Intuitive error in finding Volume of sphere using single integration.

Question

To calculate the volume of a sphere of radius $\mathbf R$, I considered a thin disc of radius $ r= \mathbf Rsin\theta$ ,where $\theta$ is the angle radius vector on the circumference makes with the axis of the disc. However I considered the volume d$\mathbf V$= $ \pi r^2 \mathbf R d\theta $ , $\mathbf R d\theta $ being the infinitesimal thickness of the disc, which is erroneous. The volume of the sphere comes out to be $\frac{3\pi^2 \mathbf R^3}{2}$. The correct thickness is $\mathbf R sin\theta d\theta $ which is found usually in other derivations gives the correct volume. However I do not understand what exactly is the issue in my approach and why the component of the curve length is considered.

Answer 1

Let the $x$-axis of ${\mathbb R}^3$ be the axis of the disc.
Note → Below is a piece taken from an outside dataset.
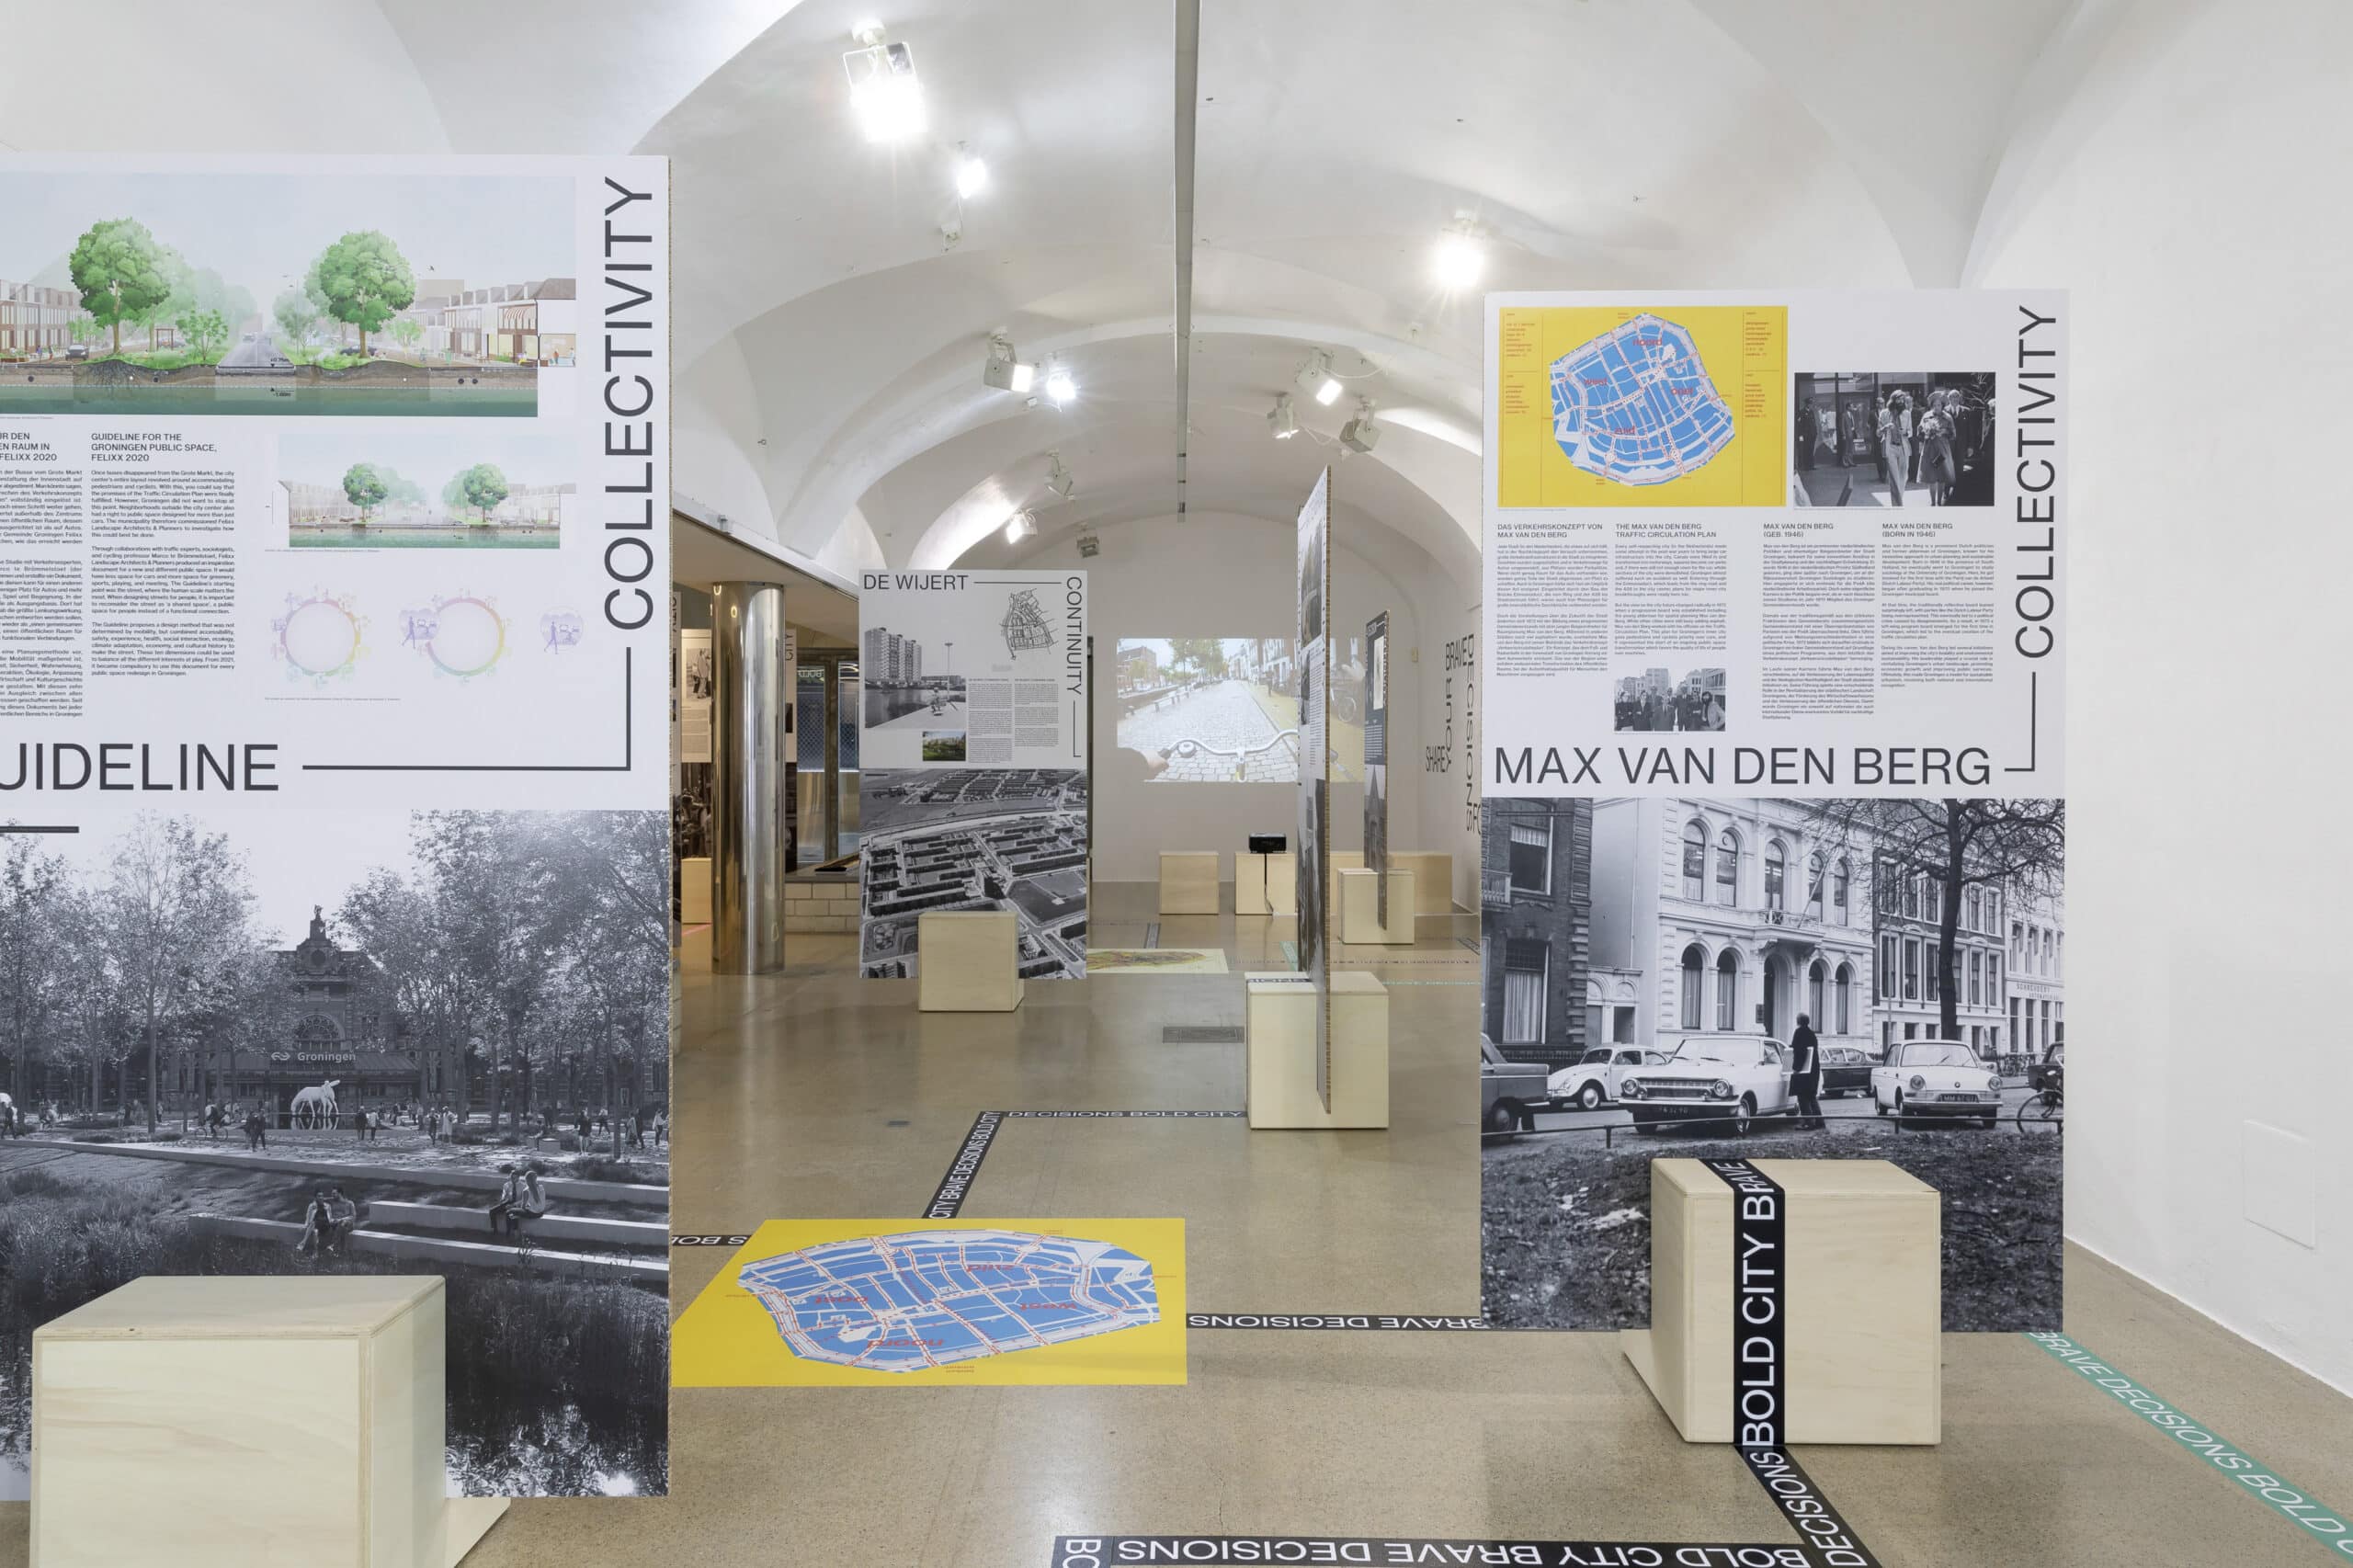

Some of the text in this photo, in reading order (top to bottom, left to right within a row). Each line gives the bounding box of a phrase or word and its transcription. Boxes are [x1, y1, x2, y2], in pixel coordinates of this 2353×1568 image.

The disc is then bounded by the sphere of radius $R$ and two planes $x=a$ and $x=b$. We now have to express $a$ and $b$ in terms of $\theta$ and $d\theta$. When $b=R\cos\theta$ then $a=R\cos(\theta+d\theta)<b$. The thickness of the disc is then given by $$b-a=R\bigl(\cos\theta-\cos(\theta+d\theta)\bigr)\approx R\bigl(-\cos'(\theta)\bigr)\>d\theta=R\sin\theta\>d\theta\ ,$$ and has nothing to do with the arc length $R\,d\theta$ along the meridian of $B$. We obtain $${\rm vol}(B)=\int_0^\pi \pi r^2(\theta)\>R\sin\theta\> d\theta={4\pi\over3}R^3\ .$$